**PROVIDED RECORDS**.
BEGIN

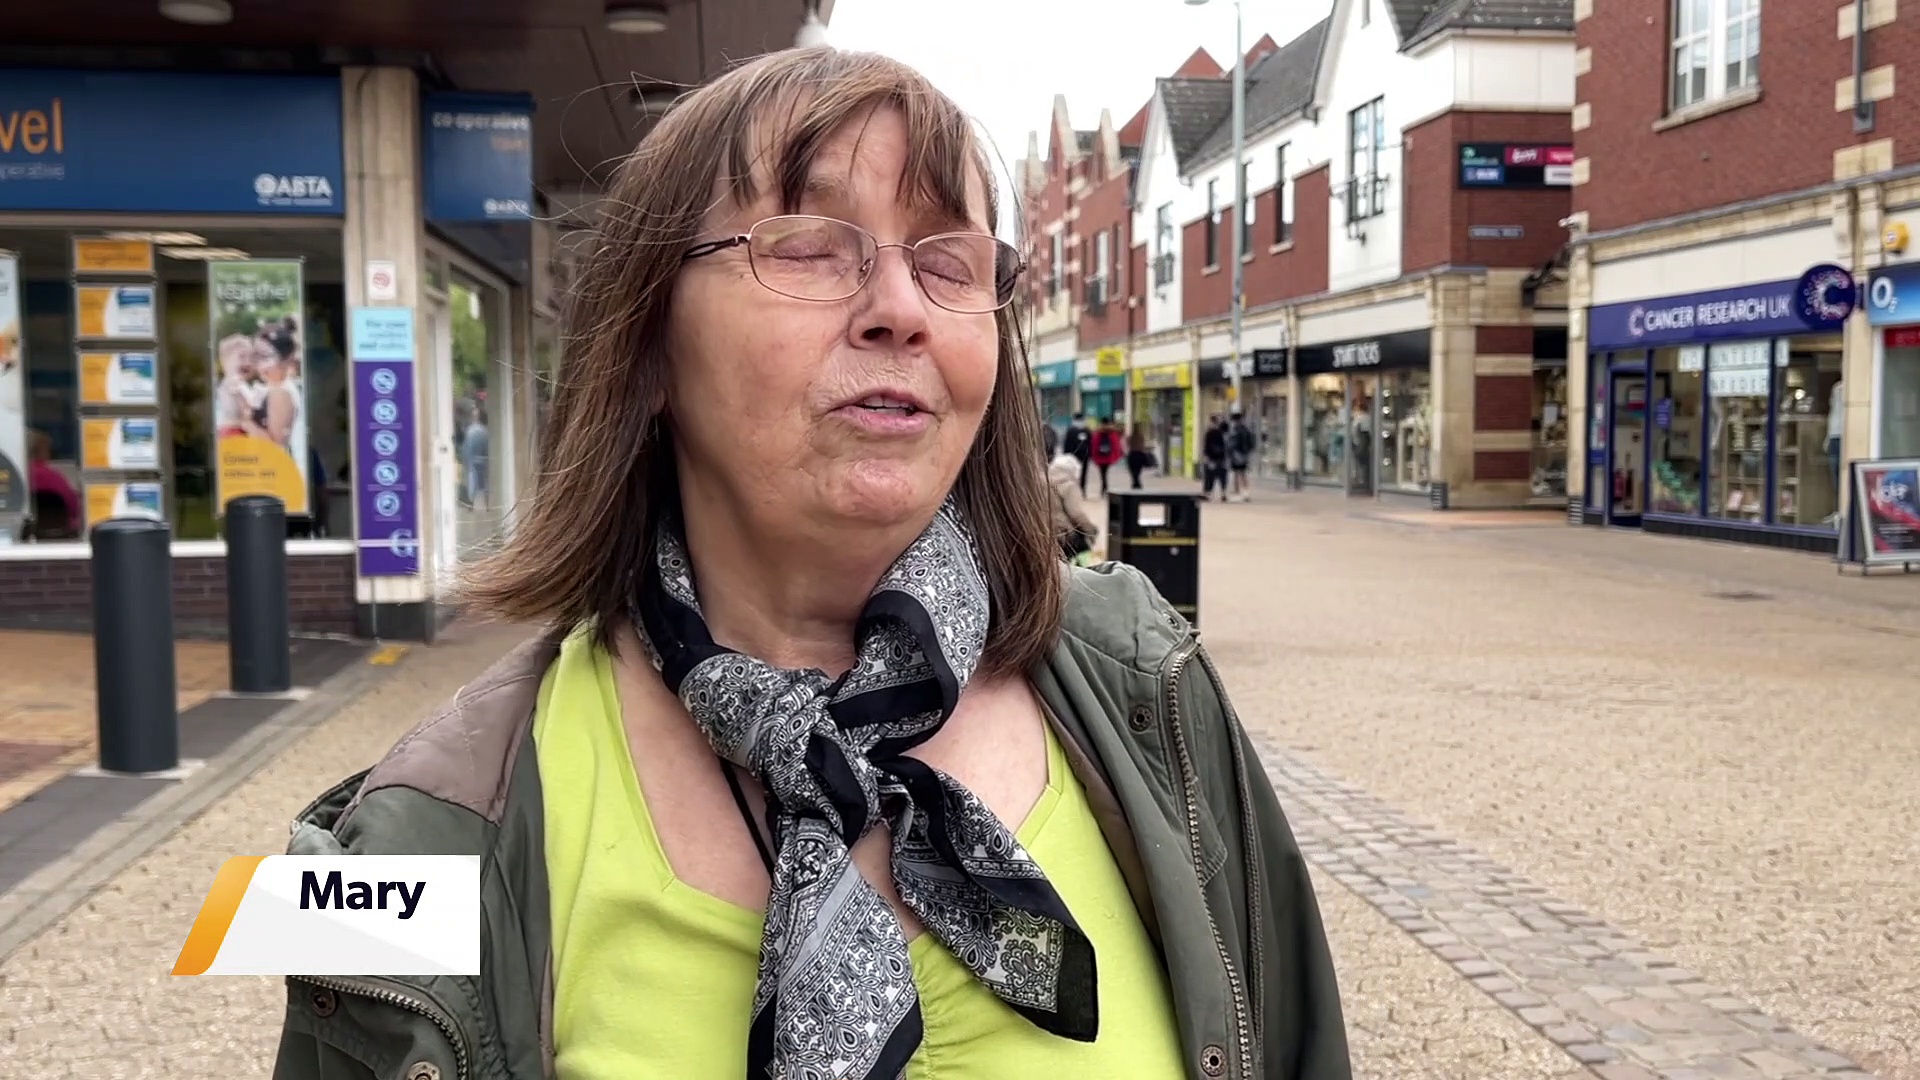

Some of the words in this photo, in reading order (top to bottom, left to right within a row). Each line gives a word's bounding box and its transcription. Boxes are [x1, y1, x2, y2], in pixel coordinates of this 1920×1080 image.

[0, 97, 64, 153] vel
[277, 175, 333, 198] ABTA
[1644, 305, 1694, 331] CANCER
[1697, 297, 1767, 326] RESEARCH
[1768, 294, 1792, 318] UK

END

**EXERCISE BRIEF**. Leave every image out, and retype the material exactly.

**COMPLETED TASK**.
Some of the words in this photo, in reading order (top to bottom, left to right within a row). Each line gives a word's bounding box and its transcription. Boxes are [x1, y1, x2, y2], in pixel coordinates of this 1920×1080 image.

[0, 97, 64, 153] vel
[277, 175, 333, 198] ABTA
[1644, 305, 1694, 331] CANCER
[1697, 297, 1767, 326] RESEARCH
[1768, 294, 1792, 318] UK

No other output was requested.